Sabato 8 giugno alle ore 18.00, presso il giardino del Castello di Donnafugata, verrà presentata la scultura Il Minotauro Bambino di Emanuele Scuotto.

Anche il Minotauro, prima di trasformarsi nella bestia che tutti temiamo, è stato un bambino. Perciò Emanuele Scuotto ha voluto rappresentarlo come un putto, un angioletto, una di quelle figure giocose che popolano i soffitti delle chiese, o dei palazzi barocchi. Accanto a un significato molto esplicito per cui il male può nascondersi dietro sembianze innocenti, ve ne è un secondo, un po’ meno evidente, che spiega questa scelta: il bene e il male coesistono, sono perfino ambivalenti. L’artista non ci chiede di amare il Minotauro o di essere pronti ad abbracciarlo; ci invita a comprenderne, come già prima il Canova di Teseo e il Minotauro o il Cattelan di Him, la dimensione creaturale. Nella scultura del primo, Teseo non è affatto felice della sconfitta del mostro: si limita a riflettere sulla morte e sul destino. In quella del secondo, Hitler è un bambino che dice le preghiere. Avrebbe potuto rimanere buono, seguire un cammino differente? Quello che è certo è che l’uomo è capace di diventare ogni cosa e il suo contrario. Può sprofondare alla ferinitas dei bruti o ascendere al divino. Non a caso, il manto del Minotauro Bambino è di colore blu intenso e tempestato di stelline. Il mostro, che ha nome Asterione, è anche una costellazione.

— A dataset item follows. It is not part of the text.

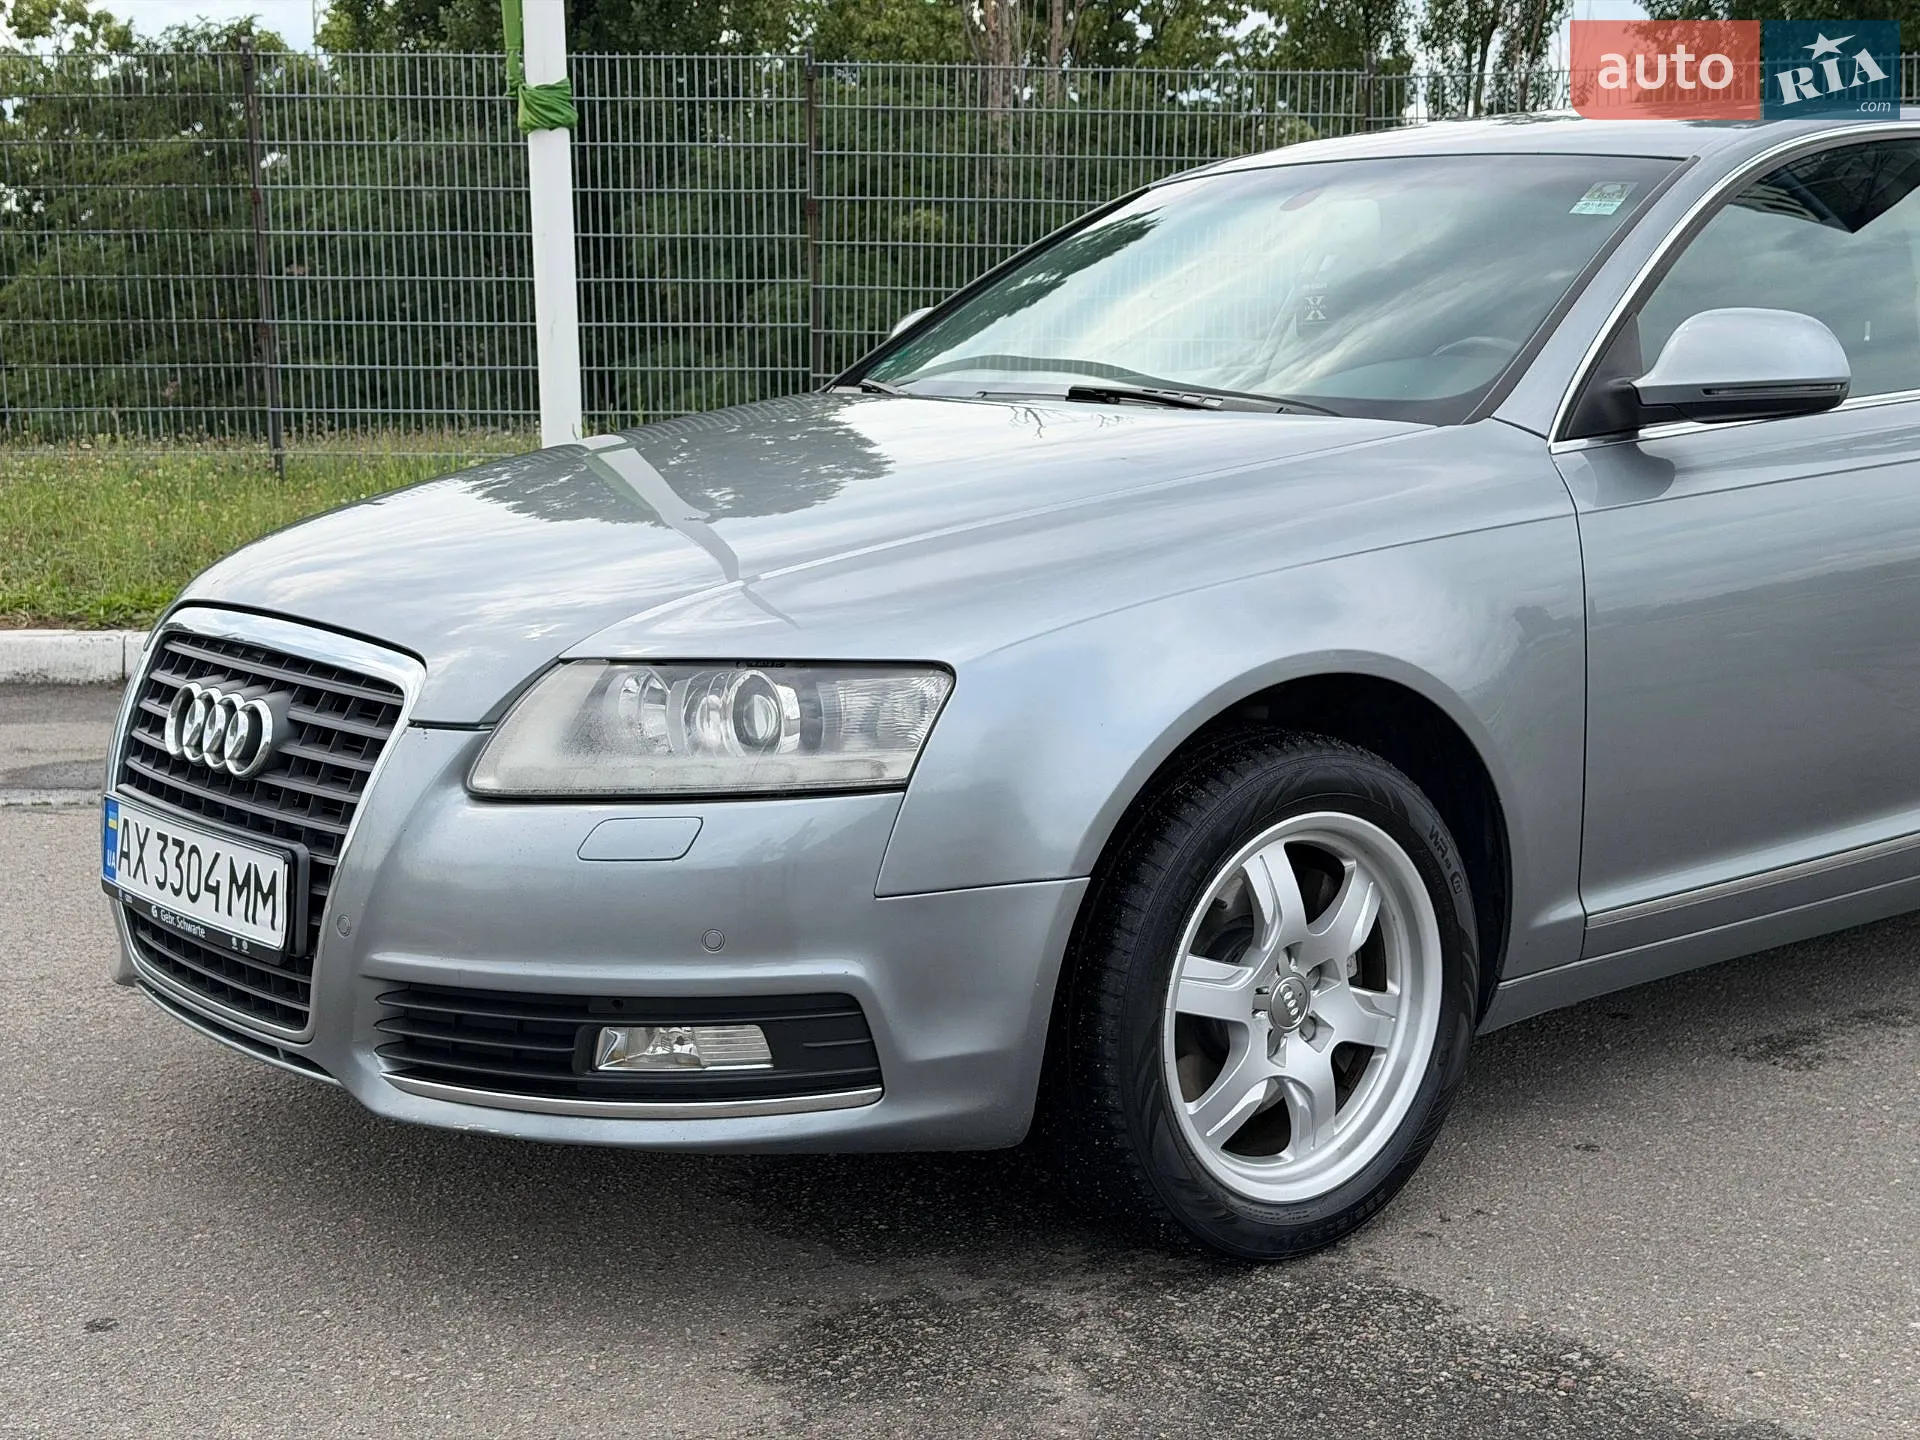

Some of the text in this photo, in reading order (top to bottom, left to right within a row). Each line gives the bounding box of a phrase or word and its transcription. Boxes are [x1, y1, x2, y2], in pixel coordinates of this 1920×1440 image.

[107, 849, 116, 868] UA
[118, 818, 278, 931] AX 3304 MM

La scultura di Scuotto, che prende il posto di Pasifae al centro del labirinto del Castello, è la seconda tappa di Labyrinthus, rassegna che propone, dal 18 maggio al 30 ottobre 2024, cinque diverse interpretazioni dei miti dedalici, affidate agli scultori Luigi Citarrella, Emanuele Scuotto, Alessia Forconi, Fulvio Merolli e Giacomo Rizzo.

Ideata e curata da Andrea Guastella, realizzata da Studio M’arte col patrocino dell’Assessorato Regionale della Funzione Pubblica e delle Autonomie Locali e del Comune di Ragusa, la mostra si articola in un tempo di sei mesi.

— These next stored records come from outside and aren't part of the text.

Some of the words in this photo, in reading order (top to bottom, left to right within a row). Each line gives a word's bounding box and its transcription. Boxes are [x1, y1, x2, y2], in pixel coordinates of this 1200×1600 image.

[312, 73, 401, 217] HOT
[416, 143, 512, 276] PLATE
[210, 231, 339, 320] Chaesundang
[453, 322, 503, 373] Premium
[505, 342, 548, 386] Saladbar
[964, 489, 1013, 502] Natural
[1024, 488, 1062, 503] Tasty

Le diverse opere saranno installate al centro del labirinto, a rotazione, per un intero mese, per poi venire spostate nel giardino. Per vederle, sarà dunque necessario “perdersi” nei meandri del labirinto, riflettendo in questo lento percorso sui miti e sulla loro attualità.

La scultura sarà introdotta da Clorinda Arezzo e da Andrea Guastella.

Durante la presentazione Massimo Leggio leggerà una selezione di brani dedicati al Minotauro, da Borges a Dürrenmatt a Cortázar.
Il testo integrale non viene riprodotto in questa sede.